- The task
Gather, from the listing beneath this task, every line holding the string "SAISON".

■ ■ ■ ■ ■

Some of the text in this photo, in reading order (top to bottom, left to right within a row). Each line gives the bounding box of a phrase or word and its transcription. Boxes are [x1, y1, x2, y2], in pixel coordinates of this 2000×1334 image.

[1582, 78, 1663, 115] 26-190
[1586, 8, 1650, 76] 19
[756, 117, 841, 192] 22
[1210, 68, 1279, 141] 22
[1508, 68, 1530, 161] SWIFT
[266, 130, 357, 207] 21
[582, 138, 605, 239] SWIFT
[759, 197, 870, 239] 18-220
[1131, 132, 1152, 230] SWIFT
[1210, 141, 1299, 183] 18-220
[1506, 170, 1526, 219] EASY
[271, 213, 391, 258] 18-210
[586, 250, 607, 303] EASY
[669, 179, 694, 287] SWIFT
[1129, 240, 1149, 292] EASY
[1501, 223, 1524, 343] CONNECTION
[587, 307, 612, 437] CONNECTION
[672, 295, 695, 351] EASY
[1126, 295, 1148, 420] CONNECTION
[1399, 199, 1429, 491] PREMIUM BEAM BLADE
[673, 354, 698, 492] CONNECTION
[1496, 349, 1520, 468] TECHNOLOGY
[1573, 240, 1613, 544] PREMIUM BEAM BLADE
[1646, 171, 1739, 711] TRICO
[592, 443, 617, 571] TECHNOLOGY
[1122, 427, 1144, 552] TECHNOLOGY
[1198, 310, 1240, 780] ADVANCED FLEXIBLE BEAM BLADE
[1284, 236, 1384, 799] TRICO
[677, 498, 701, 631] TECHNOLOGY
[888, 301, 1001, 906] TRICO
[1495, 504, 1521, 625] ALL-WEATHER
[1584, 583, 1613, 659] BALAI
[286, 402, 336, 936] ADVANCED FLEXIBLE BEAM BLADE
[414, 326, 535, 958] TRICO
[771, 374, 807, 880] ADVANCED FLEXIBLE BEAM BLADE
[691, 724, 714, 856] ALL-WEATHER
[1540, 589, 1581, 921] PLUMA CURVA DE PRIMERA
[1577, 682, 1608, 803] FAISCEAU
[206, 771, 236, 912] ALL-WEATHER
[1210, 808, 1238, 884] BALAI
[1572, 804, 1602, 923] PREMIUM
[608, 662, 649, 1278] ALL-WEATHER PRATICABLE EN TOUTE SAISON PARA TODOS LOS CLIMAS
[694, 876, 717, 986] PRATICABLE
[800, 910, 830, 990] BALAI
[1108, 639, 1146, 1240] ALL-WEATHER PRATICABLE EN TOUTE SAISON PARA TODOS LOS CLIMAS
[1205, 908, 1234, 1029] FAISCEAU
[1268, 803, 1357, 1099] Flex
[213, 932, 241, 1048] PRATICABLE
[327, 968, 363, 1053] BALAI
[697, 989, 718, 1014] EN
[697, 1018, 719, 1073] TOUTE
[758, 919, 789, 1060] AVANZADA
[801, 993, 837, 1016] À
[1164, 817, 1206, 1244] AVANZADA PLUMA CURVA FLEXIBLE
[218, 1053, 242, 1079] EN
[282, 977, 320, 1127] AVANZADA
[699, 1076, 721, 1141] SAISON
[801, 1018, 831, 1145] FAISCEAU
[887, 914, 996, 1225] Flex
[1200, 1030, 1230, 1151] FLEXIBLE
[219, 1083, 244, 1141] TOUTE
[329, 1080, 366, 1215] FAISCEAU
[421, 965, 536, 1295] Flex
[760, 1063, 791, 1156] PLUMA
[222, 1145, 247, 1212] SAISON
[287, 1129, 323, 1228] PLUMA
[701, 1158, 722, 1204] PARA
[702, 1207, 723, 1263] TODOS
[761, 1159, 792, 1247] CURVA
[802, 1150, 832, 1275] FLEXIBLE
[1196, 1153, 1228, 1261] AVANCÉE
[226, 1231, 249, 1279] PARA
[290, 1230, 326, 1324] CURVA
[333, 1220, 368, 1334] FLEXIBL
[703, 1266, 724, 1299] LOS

■ ■ ■ ■ ■

- Response for this exercise
[608, 662, 649, 1278] ALL-WEATHER PRATICABLE EN TOUTE SAISON PARA TODOS LOS CLIMAS
[1108, 639, 1146, 1240] ALL-WEATHER PRATICABLE EN TOUTE SAISON PARA TODOS LOS CLIMAS
[699, 1076, 721, 1141] SAISON
[222, 1145, 247, 1212] SAISON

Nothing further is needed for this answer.